An elderly customer purchased a $9,000 cashier’s check. She came in the next day to request a stop payment, as she now believes that she was defrauded — she had received a telephone call from someone claiming to be with Publisher’s Clearinghouse, who told her that she had won and needed to send in a $9,000 cashier’s check to withdraw her winnings. Can we stop payment?

No, we do not believe that you should stop payment on the cashier’s check. The Illinois Supreme Court has held that a cashier’s check is the equivalent of cash. As a general rule, once a cashier’s check enters the stream of commerce, the issuer (your bank) is liable under the Uniform Commercial Code (UCC) if it refuses to honor the cashier’s check when presented. We are not aware of any Illinois court cases that permit an exception to this general rule where a third party fraudulently induced a bank’s customer to purchase a cashier’s check.

If your bank suspects the financial exploitation of an elderly customer, state law encourages you to report the activity to the Illinois Department of Aging, and federal law likely requires you to file a suspicious activity report (SAR). The Financial Crimes Enforcement Network (FinCEN) requires banks to file a SAR for suspected elder financial exploitation when a transaction aggregates at least $5,000 and the bank knows, suspects or has reason to suspect the transaction involved criminal activity.

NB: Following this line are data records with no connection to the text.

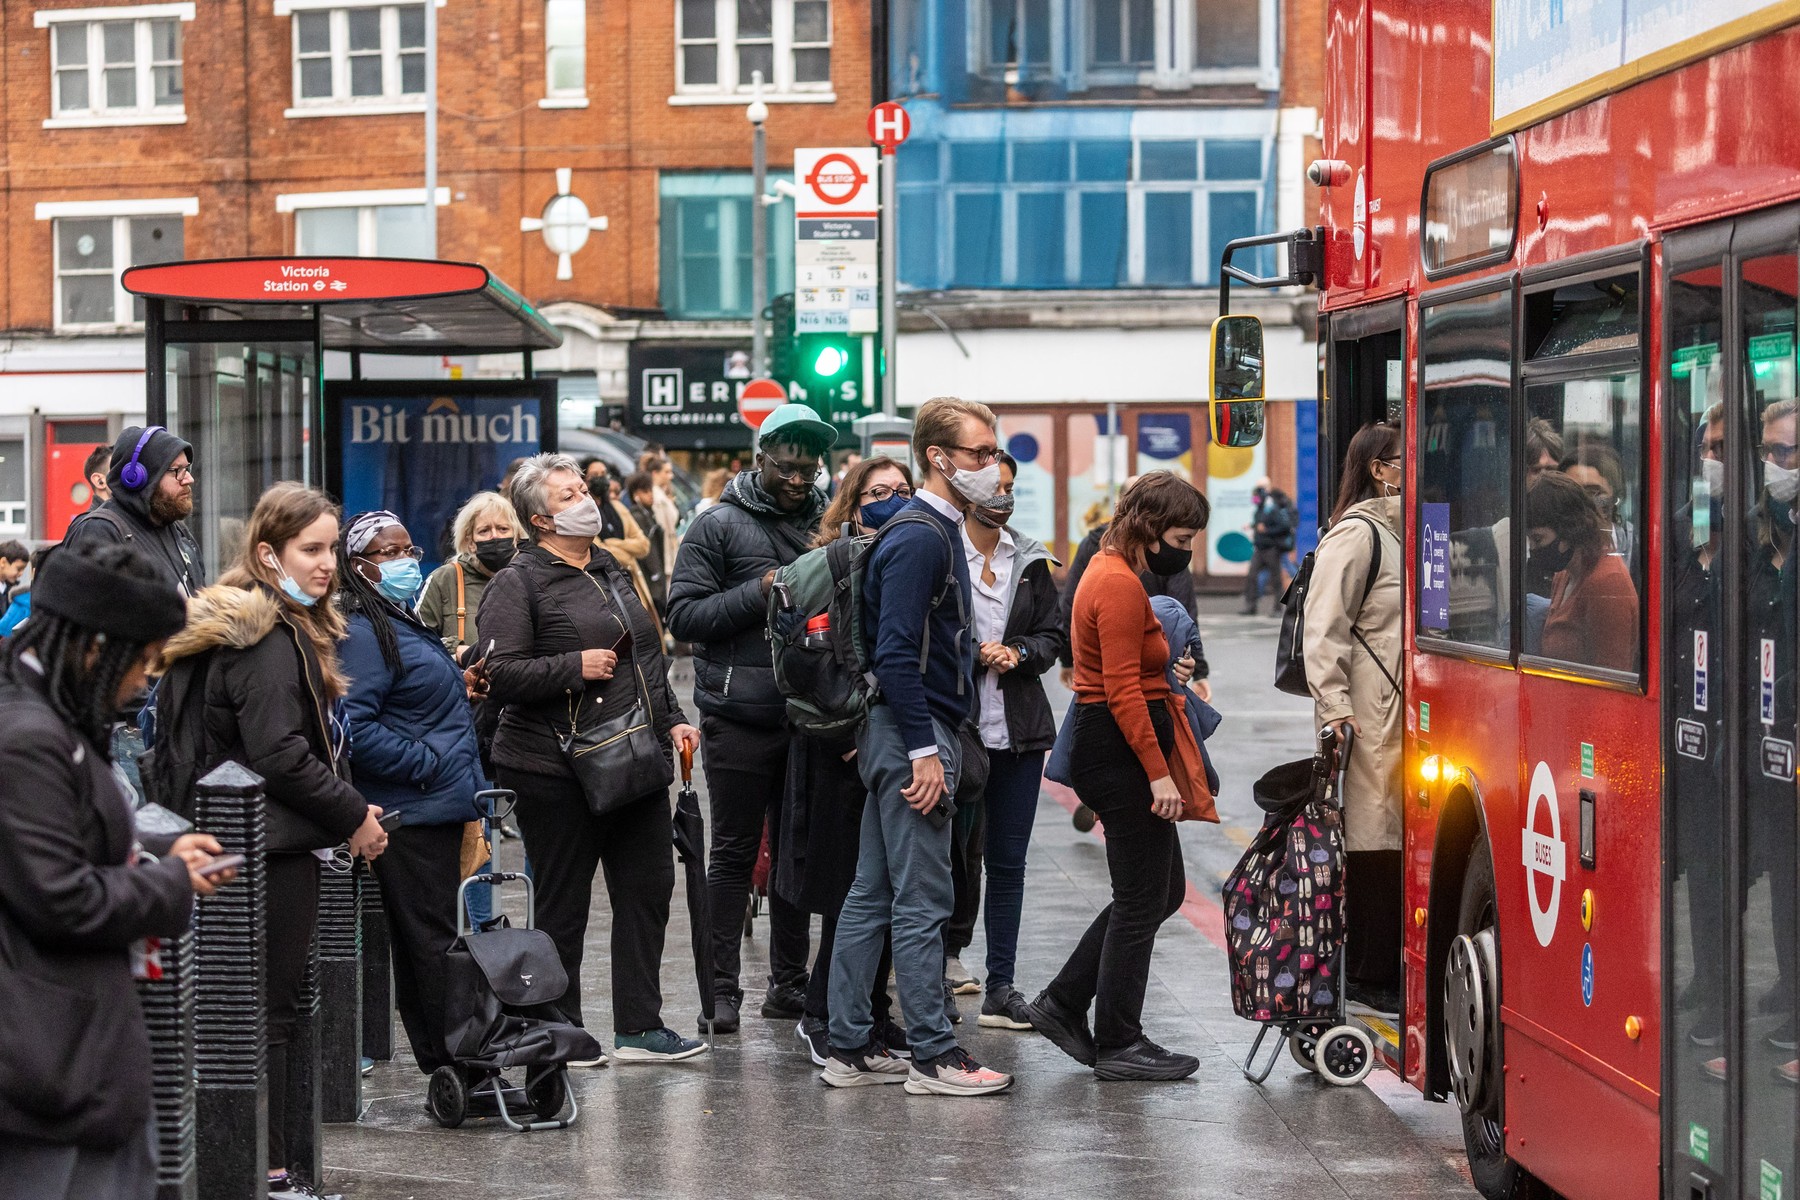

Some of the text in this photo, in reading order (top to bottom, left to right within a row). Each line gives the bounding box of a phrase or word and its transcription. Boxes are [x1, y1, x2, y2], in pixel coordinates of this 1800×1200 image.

[874, 108, 904, 141] H
[817, 174, 856, 184] BUS STOP
[822, 222, 852, 230] Victoria
[813, 230, 840, 238] Station
[281, 265, 330, 277] Victoria
[807, 272, 813, 280] 2
[263, 279, 309, 292] Station
[855, 292, 870, 301] N2
[650, 376, 858, 406] HERNS
[351, 404, 539, 444] Bit much
[642, 413, 725, 425] COLOMBIAN
[1535, 841, 1552, 867] BUSES

We also note that both state and federal privacy laws provide safe harbors for banks when reporting suspected elder financial exploitation.

For resources related to our guidance, please see:

  • Uniform Commercial Code, 810 ILCS 5/4-403(a) (“A customer or any person authorized to draw on the account if there is more than one person may stop payment of any item drawn on the customer’s account or close the account by an order to the bank describing the item or account with reasonable certainty received at a time and in a manner that affords the bank a reasonable opportunity to act on it before any action by the bank with respect to the item described in Section 4-303.”)
  • Uniform Commercial Code, 810 ILCS 5/3-411(b) (“If the obligated bank wrongfully (i) refuses to pay a cashier’s check or certified check . . . the person asserting the right to enforce the check is entitled to compensation for expenses and loss of interest resulting from the nonpayment and may recover consequential damages if the obligated bank refuses to pay after receiving notice of particular circumstances giving rise to the damages.”)
  • Midamerica Bank, FSB. v. Charter One Bank, FSB, 905 N.E.2d 839, 844 (2009) (“Reading the plain language of sections 4-403 and 3-411 together leads us to one unmistakable conclusion: a bank’s refusal to pay a cashier’s check based on its customer’s request to stop payment is ‘wrongful’ under section 3-411 because a customer has no right to stop payment on a cashier’s check under section 4-403.”)
  • Adult Protective Services Act, 320 ILCS 20/4(a) (“Any person who suspects the abuse, neglect, financial exploitation, or self-neglect of an eligible adult may report this suspicion to an agency designated to receive such reports under this Act or to the Department.”)
  • FinCEN Rules, 31 CFR 1020.320(a)(2) (Requires banks to file SARs when a transaction involves or aggregates at least $5,000 in funds or other assets, and the bank knows, suspects, or has reason to suspect that “(i) The transaction involves funds derived from illegal activities…(ii) The transaction is designed to evade any requirements of this chapter or of any other regulations promulgated under the Bank Secrecy Act; or (iii) The transaction has no business or apparent lawful purpose or is not the sort in which the particular customer would normally be expected to engage, and the bank knows of no reasonable explanation for the transaction after examining the available facts, including the background and possible purpose of the transaction.”)
  • Regulation P, 12 CFR 1016.15 (Lists exceptions to opt-out requirements, including “[t]o comply with Federal, state, or local laws, rules and other applicable legal requirements”)
  • FRB Suspicious Activity Reports Rules, 12 CFR 208.62(k) (Creates a safe harbor from liability for the disclosure of “reports of suspected or known criminal violations and suspicious activities to law enforcement and financial institution supervisory authorities, including supporting documentation, regardless of whether such reports are filed pursuant to this section or are filed on a voluntary basis.”)
  • Illinois Banking Act, 205 ILCS 5/48.1(b)(16) (Creates exemption from privacy requirements for furnishing information to law enforcement authorities, the Illinois Department on Aging and its regional administrative and provider agencies, the Department of Human Services Office of Inspector General, or public guardians “if there is suspicion by the bank that a customer who is an elderly or disabled person has been or may become the victim of financial exploitation.”)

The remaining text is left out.